Todos en el pueblo pensaban que era una gran cosa que Philip hubiera heredado Coveley, a qué dudarlo.
Fue su idea construir una noria de molienda para ofrecer el servicio a los pequeños granjeros de los campos cercanos, por una fracción del valor que pedían en Cloverdale.
Con el mismo objetivo mandó construir la forja, a la que trajo el mejor herrero que pudo contratar, para renovar los herrajes de todo el castillo así como los mil implementos de cocina y herramientas que se necesitaban a diario. Y, por supuesto, el herrero también se ocupaba de las herraduras de los caballos, fuera estos corceles pura sangre o pachones de labranza.
Philip realmente tenía grandes motivos para sentirse orgulloso. Y Elizabeth, recorriendo la propiedad tomada de su brazo, admiraba todo con una gran sonrisa, escuchaba sus explicaciones acerca de esto y aquello y hacía mil preguntas, aportando también comentarios inteligentes.
Lord Coveley estaba en la gloria, y su amada Lady Coveley era tan vivaz que a veces Philip olvidaba su delicado pie.
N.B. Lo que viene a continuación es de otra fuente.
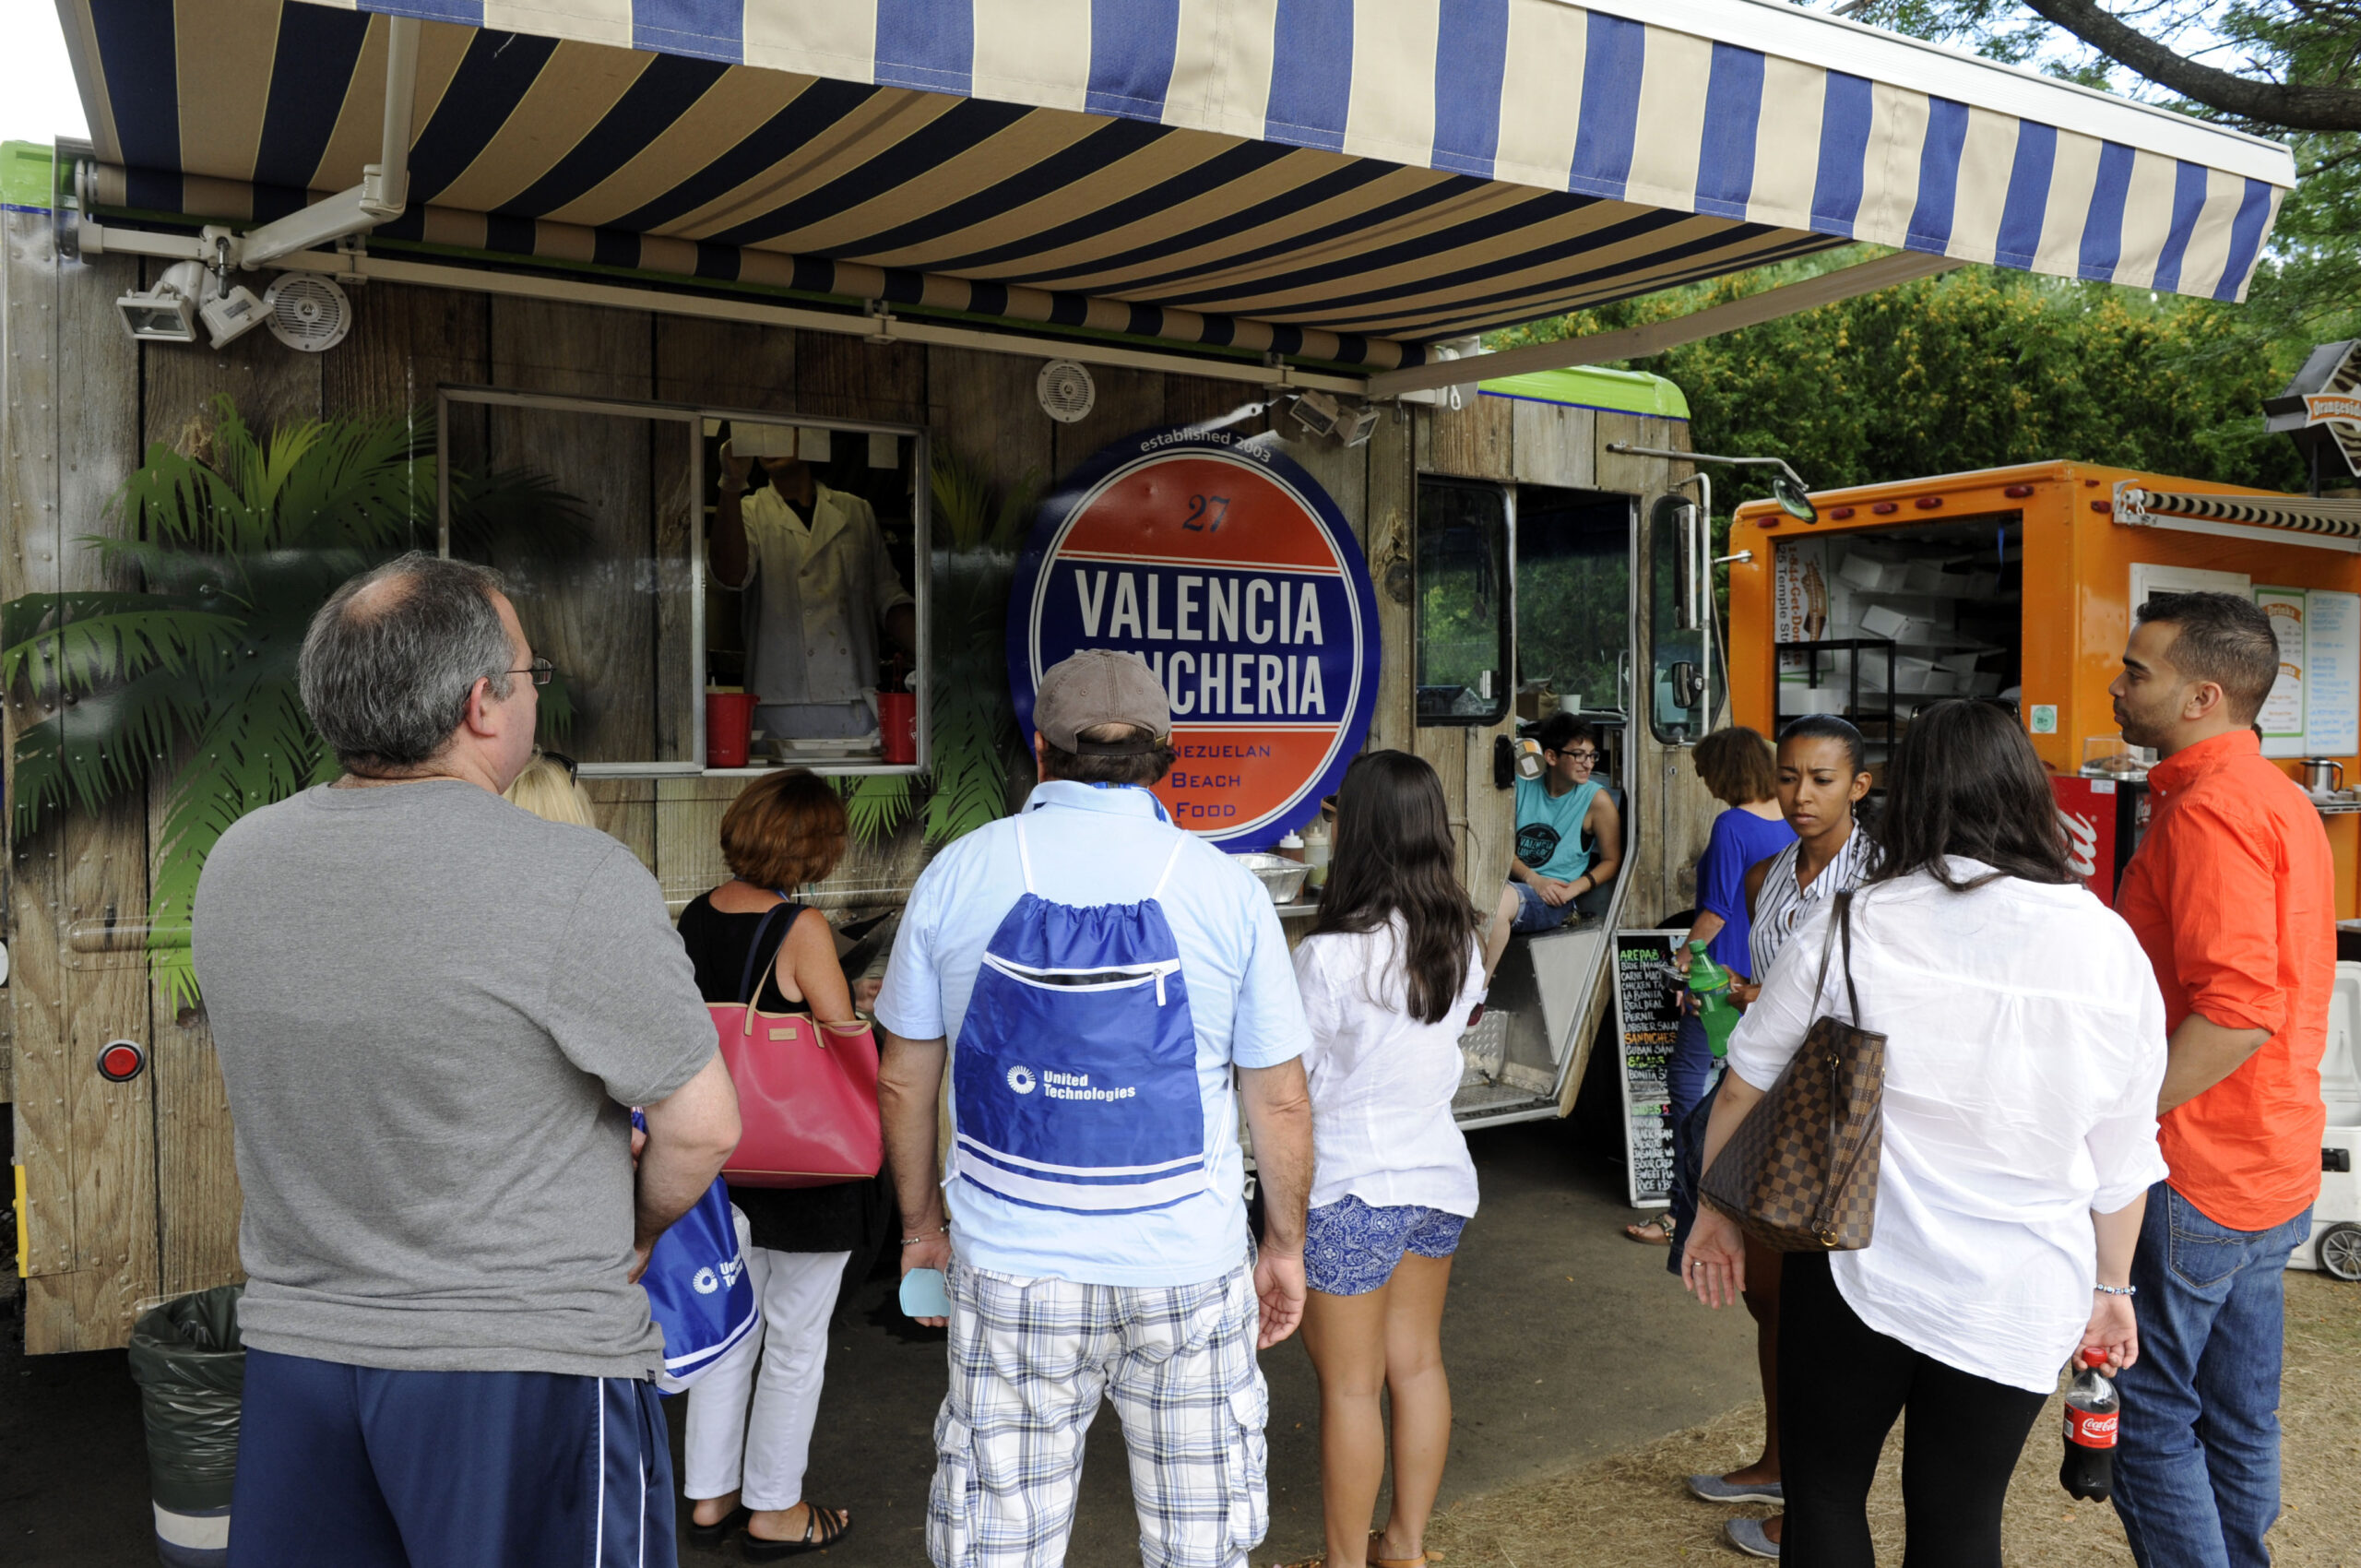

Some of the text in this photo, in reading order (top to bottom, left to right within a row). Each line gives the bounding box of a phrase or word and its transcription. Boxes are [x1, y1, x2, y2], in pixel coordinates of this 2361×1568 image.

A pesar de su caracter activo, Elizabeth caminaba con una visible renguera, y aunque se movía muy bien con un bastón, lo cierto es que se agotaba pronto.
Les llevó varios días recorrer el castillo, los edificios anexos y la propiedad entera, pero ella quiso verlo todo. Si alguno de los sirvientes había dudado del buen tino de su patrón al elegir una mujer inválida como esposa, luego de conocerla todos (incluso Janey) comprendieron su elección.
La señora Murray me contó muchas veces que la llegada de Peter, su padre, quien traía la yegua de Elizabeth desde Londres, revolucionó el castillo aún más que la llegada de Lord y Lady Coveley.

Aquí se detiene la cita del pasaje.